Pressure-dependent fracture transmissibility and pore volume multiplier models are assigned to predefined potential hydraulic fracture paths to mimic geomechanical behavior of fractures (i.e. opening and closure). The multipliers are based on empirical equations (e.g., Barton-Bandis model) and theoretical models (e.g., linear elastic fracture mechanics and cubic law). The FMM-based simulation transforms an original 3D reservoir model into an equivalent 1D simulation grid leading to orders of magnitude faster computation and is utilized to efficiently history-match field production and pressure data. A population-based history matching algorithm was used to minimize data misfit and quantify uncertainties in tuning parameters.
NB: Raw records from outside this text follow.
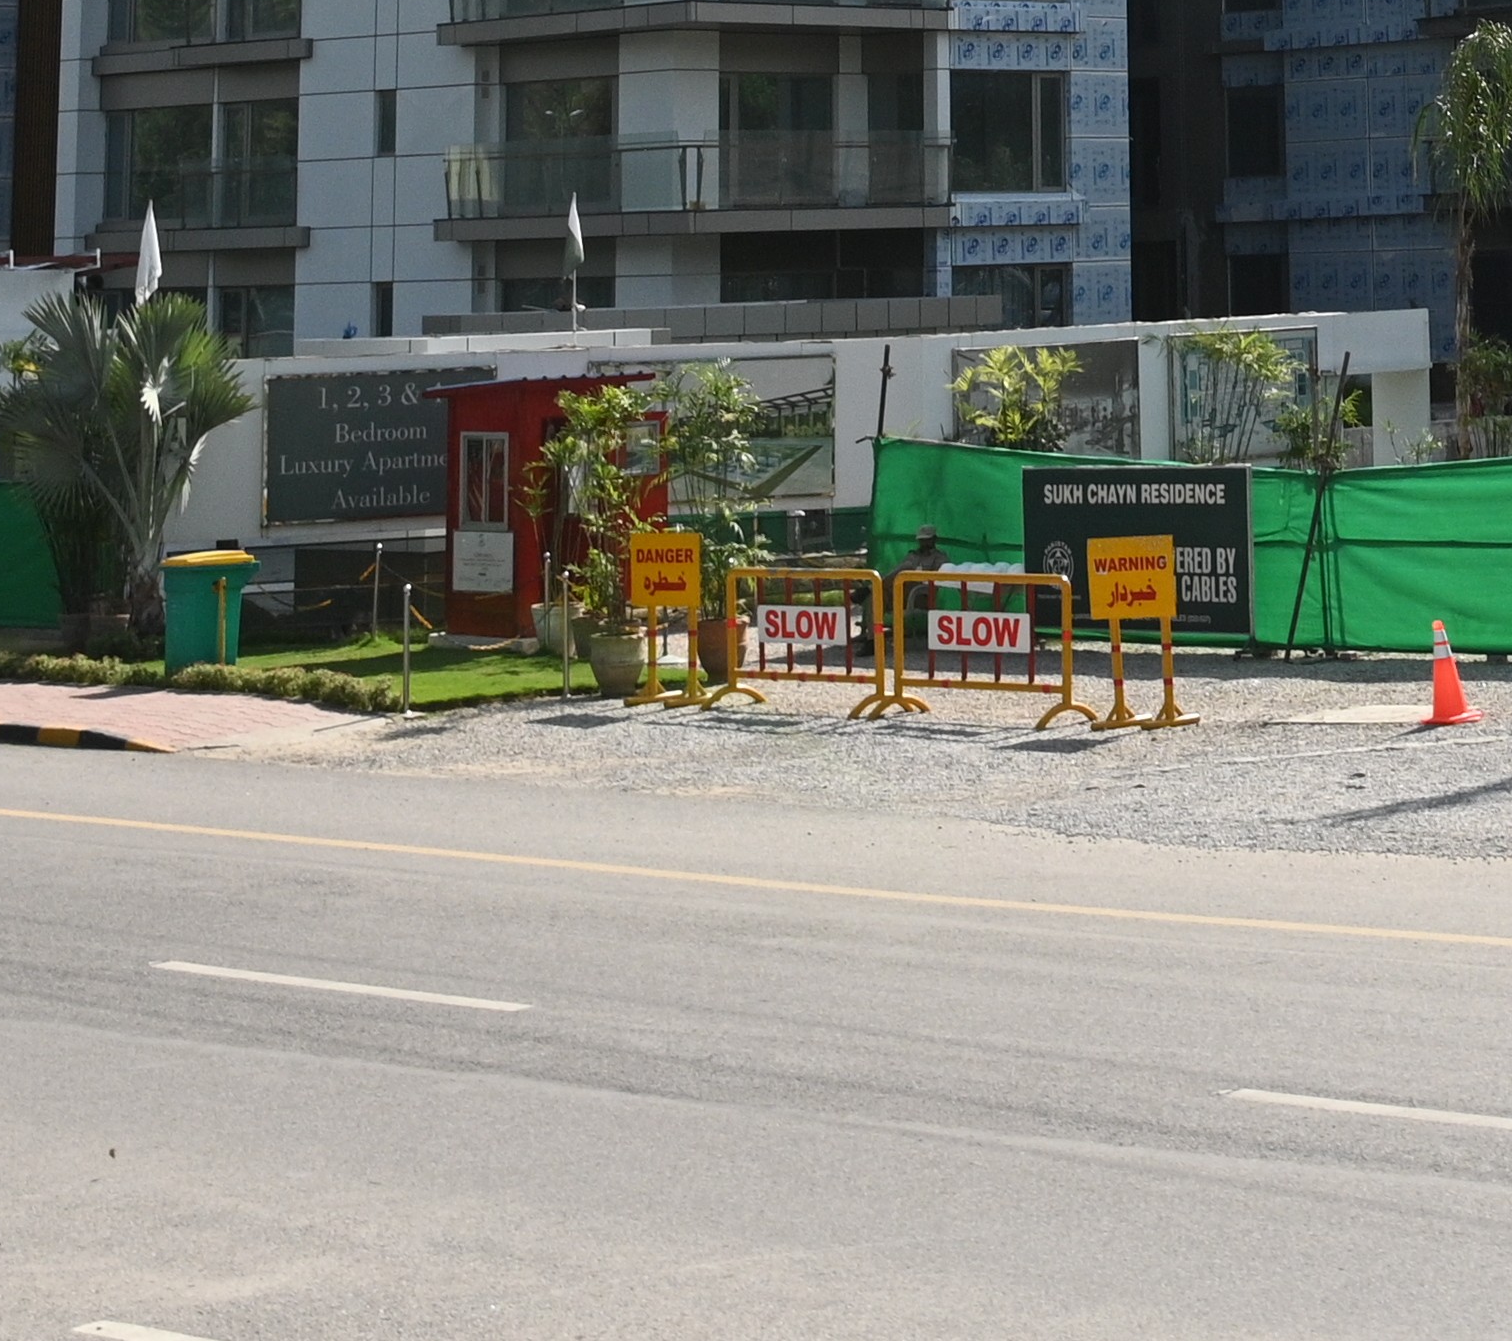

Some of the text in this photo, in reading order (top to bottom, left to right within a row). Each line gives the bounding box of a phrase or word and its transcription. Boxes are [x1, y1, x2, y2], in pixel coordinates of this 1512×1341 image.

[377, 385, 392, 407] 3
[400, 382, 421, 406] &
[335, 422, 427, 444] Bedroom
[279, 450, 448, 478] Luxury Apartme
[332, 485, 430, 509] Available
[1044, 483, 1226, 505] SUKH CHAYN RESIDENCE
[636, 548, 694, 564] DANGER
[1094, 555, 1168, 574] WARNING
[1175, 547, 1236, 575] ERED BY
[1106, 578, 1158, 608] خبردار
[1181, 575, 1238, 604] CABLES
[764, 609, 838, 641] SLOW
[937, 615, 1021, 648] SLOW
We demonstrate the effectiveness and efficiency of the proposed method using synthetic and field examples. First, we validated our proposed simplified fracture propagation model with a comprehensive coupled fluid flow and geomechanical simulator, ABAQUS. The results showed close agreement in both injection pressure response and fracture geometry. Next, the method was applied to a field case to history-match injection pressure and production data. Fracture geometry and properties were inferred from the injection phase and are input to the production phase modeling. After history matching, the misfit and uncertainty ranges in reservoir and fracture properties were substantially reduced.
The proposed workflow enables rapid analyses of hydraulically fractured wells and does not require computationally demanding geomechanical simulations to generate fracture geometry and properties. The FMM-based simulation further improves computational efficiency and allows us to automate the workflow using population-based history matching algorithms to quantify and assess parameter uncertainty.